### Exercise description
Reproduce the entire listing below verbatim.

### Extracted information

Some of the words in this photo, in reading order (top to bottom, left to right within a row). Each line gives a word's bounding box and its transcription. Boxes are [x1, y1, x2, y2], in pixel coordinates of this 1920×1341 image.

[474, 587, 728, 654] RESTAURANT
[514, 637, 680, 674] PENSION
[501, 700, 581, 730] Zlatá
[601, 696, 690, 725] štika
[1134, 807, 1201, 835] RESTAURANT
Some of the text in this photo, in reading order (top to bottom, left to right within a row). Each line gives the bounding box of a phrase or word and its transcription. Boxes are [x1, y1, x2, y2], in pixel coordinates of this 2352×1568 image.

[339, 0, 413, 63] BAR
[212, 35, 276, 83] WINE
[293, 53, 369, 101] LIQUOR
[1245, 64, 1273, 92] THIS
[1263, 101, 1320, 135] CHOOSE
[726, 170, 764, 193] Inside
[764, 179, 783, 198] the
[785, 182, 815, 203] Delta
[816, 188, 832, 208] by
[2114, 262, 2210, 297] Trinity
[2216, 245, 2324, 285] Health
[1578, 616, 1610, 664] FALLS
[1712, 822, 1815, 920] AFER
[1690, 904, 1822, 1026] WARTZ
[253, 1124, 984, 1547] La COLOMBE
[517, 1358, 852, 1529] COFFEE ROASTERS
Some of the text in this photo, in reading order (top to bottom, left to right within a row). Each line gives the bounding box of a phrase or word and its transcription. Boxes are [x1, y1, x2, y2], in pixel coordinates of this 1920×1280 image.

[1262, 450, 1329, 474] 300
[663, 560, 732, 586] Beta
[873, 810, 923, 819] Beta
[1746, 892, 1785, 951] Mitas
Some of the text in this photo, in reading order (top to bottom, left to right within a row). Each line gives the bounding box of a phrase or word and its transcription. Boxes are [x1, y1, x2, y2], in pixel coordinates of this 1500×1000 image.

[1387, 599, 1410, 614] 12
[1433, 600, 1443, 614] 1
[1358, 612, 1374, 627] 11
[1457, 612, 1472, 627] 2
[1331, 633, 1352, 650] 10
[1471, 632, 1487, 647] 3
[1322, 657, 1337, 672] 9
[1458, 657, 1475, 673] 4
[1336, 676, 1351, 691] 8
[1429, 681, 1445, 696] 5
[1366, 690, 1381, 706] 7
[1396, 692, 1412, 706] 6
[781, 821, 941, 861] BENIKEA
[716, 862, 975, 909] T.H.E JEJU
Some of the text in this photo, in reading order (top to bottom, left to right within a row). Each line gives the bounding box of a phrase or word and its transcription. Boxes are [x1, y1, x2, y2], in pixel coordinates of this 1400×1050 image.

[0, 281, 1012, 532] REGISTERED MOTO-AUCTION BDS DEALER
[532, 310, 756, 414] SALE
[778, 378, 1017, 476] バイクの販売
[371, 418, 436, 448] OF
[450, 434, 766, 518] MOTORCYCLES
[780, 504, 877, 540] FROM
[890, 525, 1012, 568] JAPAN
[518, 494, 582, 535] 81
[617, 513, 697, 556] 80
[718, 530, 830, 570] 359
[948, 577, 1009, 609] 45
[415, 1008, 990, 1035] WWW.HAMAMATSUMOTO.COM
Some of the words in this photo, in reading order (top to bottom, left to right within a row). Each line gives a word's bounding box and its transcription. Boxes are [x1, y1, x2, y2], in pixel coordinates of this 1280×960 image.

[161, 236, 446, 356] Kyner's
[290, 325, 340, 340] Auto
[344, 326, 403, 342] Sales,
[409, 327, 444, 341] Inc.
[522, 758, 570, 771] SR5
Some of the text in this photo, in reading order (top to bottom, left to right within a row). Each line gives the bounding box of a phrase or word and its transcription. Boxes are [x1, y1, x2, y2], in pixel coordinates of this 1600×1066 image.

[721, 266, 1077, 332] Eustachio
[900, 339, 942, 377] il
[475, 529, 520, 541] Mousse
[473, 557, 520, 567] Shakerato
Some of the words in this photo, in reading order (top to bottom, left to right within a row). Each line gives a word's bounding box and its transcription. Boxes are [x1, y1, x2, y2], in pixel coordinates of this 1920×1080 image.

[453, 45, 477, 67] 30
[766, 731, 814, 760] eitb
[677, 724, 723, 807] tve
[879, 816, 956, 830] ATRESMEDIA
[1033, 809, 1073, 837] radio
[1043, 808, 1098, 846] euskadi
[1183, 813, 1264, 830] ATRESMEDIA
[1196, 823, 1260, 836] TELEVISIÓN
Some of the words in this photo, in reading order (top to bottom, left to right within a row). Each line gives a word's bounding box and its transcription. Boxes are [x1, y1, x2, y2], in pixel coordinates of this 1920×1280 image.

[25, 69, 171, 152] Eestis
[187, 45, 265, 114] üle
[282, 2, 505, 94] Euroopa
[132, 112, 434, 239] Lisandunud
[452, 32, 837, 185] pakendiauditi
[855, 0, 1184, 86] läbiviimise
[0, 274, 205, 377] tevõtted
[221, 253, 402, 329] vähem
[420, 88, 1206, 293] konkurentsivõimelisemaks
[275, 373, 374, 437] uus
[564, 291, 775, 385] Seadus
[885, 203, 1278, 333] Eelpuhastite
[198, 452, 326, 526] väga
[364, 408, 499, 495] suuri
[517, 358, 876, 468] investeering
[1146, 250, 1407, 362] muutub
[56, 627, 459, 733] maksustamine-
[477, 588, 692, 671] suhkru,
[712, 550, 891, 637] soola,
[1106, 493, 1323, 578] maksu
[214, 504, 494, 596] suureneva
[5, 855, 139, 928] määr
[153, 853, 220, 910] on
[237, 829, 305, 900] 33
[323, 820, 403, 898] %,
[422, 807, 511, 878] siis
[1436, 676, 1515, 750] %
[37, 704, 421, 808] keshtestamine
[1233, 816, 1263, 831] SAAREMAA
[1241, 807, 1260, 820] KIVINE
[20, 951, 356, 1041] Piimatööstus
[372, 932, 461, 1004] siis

### Solution
Some of the words in this photo, in reading order (top to bottom, left to right within a row). Each line gives a word's bounding box and its transcription. Boxes are [x1, y1, x2, y2], in pixel coordinates of this 1920×1341 image.

[474, 587, 728, 654] RESTAURANT
[514, 637, 680, 674] PENSION
[501, 700, 581, 730] Zlatá
[601, 696, 690, 725] štika
[1134, 807, 1201, 835] RESTAURANT
Some of the text in this photo, in reading order (top to bottom, left to right within a row). Each line gives the bounding box of a phrase or word and its transcription. Boxes are [x1, y1, x2, y2], in pixel coordinates of this 2352×1568 image.

[339, 0, 413, 63] BAR
[212, 35, 276, 83] WINE
[293, 53, 369, 101] LIQUOR
[1245, 64, 1273, 92] THIS
[1263, 101, 1320, 135] CHOOSE
[726, 170, 764, 193] Inside
[764, 179, 783, 198] the
[785, 182, 815, 203] Delta
[816, 188, 832, 208] by
[2114, 262, 2210, 297] Trinity
[2216, 245, 2324, 285] Health
[1578, 616, 1610, 664] FALLS
[1712, 822, 1815, 920] AFER
[1690, 904, 1822, 1026] WARTZ
[253, 1124, 984, 1547] La COLOMBE
[517, 1358, 852, 1529] COFFEE ROASTERS
Some of the text in this photo, in reading order (top to bottom, left to right within a row). Each line gives the bounding box of a phrase or word and its transcription. Boxes are [x1, y1, x2, y2], in pixel coordinates of this 1920×1280 image.

[1262, 450, 1329, 474] 300
[663, 560, 732, 586] Beta
[873, 810, 923, 819] Beta
[1746, 892, 1785, 951] Mitas
Some of the text in this photo, in reading order (top to bottom, left to right within a row). Each line gives the bounding box of a phrase or word and its transcription. Boxes are [x1, y1, x2, y2], in pixel coordinates of this 1500×1000 image.

[1387, 599, 1410, 614] 12
[1433, 600, 1443, 614] 1
[1358, 612, 1374, 627] 11
[1457, 612, 1472, 627] 2
[1331, 633, 1352, 650] 10
[1471, 632, 1487, 647] 3
[1322, 657, 1337, 672] 9
[1458, 657, 1475, 673] 4
[1336, 676, 1351, 691] 8
[1429, 681, 1445, 696] 5
[1366, 690, 1381, 706] 7
[1396, 692, 1412, 706] 6
[781, 821, 941, 861] BENIKEA
[716, 862, 975, 909] T.H.E JEJU
Some of the text in this photo, in reading order (top to bottom, left to right within a row). Each line gives the bounding box of a phrase or word and its transcription. Boxes are [x1, y1, x2, y2], in pixel coordinates of this 1400×1050 image.

[0, 281, 1012, 532] REGISTERED MOTO-AUCTION BDS DEALER
[532, 310, 756, 414] SALE
[778, 378, 1017, 476] バイクの販売
[371, 418, 436, 448] OF
[450, 434, 766, 518] MOTORCYCLES
[780, 504, 877, 540] FROM
[890, 525, 1012, 568] JAPAN
[518, 494, 582, 535] 81
[617, 513, 697, 556] 80
[718, 530, 830, 570] 359
[948, 577, 1009, 609] 45
[415, 1008, 990, 1035] WWW.HAMAMATSUMOTO.COM
Some of the words in this photo, in reading order (top to bottom, left to right within a row). Each line gives a word's bounding box and its transcription. Boxes are [x1, y1, x2, y2], in pixel coordinates of this 1280×960 image.

[161, 236, 446, 356] Kyner's
[290, 325, 340, 340] Auto
[344, 326, 403, 342] Sales,
[409, 327, 444, 341] Inc.
[522, 758, 570, 771] SR5
Some of the text in this photo, in reading order (top to bottom, left to right within a row). Each line gives the bounding box of a phrase or word and its transcription. Boxes are [x1, y1, x2, y2], in pixel coordinates of this 1600×1066 image.

[721, 266, 1077, 332] Eustachio
[900, 339, 942, 377] il
[475, 529, 520, 541] Mousse
[473, 557, 520, 567] Shakerato
Some of the words in this photo, in reading order (top to bottom, left to right within a row). Each line gives a word's bounding box and its transcription. Boxes are [x1, y1, x2, y2], in pixel coordinates of this 1920×1080 image.

[453, 45, 477, 67] 30
[766, 731, 814, 760] eitb
[677, 724, 723, 807] tve
[879, 816, 956, 830] ATRESMEDIA
[1033, 809, 1073, 837] radio
[1043, 808, 1098, 846] euskadi
[1183, 813, 1264, 830] ATRESMEDIA
[1196, 823, 1260, 836] TELEVISIÓN
Some of the words in this photo, in reading order (top to bottom, left to right within a row). Each line gives a word's bounding box and its transcription. Boxes are [x1, y1, x2, y2], in pixel coordinates of this 1920×1280 image.

[25, 69, 171, 152] Eestis
[187, 45, 265, 114] üle
[282, 2, 505, 94] Euroopa
[132, 112, 434, 239] Lisandunud
[452, 32, 837, 185] pakendiauditi
[855, 0, 1184, 86] läbiviimise
[0, 274, 205, 377] tevõtted
[221, 253, 402, 329] vähem
[420, 88, 1206, 293] konkurentsivõimelisemaks
[275, 373, 374, 437] uus
[564, 291, 775, 385] Seadus
[885, 203, 1278, 333] Eelpuhastite
[198, 452, 326, 526] väga
[364, 408, 499, 495] suuri
[517, 358, 876, 468] investeering
[1146, 250, 1407, 362] muutub
[56, 627, 459, 733] maksustamine-
[477, 588, 692, 671] suhkru,
[712, 550, 891, 637] soola,
[1106, 493, 1323, 578] maksu
[214, 504, 494, 596] suureneva
[5, 855, 139, 928] määr
[153, 853, 220, 910] on
[237, 829, 305, 900] 33
[323, 820, 403, 898] %,
[422, 807, 511, 878] siis
[1436, 676, 1515, 750] %
[37, 704, 421, 808] keshtestamine
[1233, 816, 1263, 831] SAAREMAA
[1241, 807, 1260, 820] KIVINE
[20, 951, 356, 1041] Piimatööstus
[372, 932, 461, 1004] siis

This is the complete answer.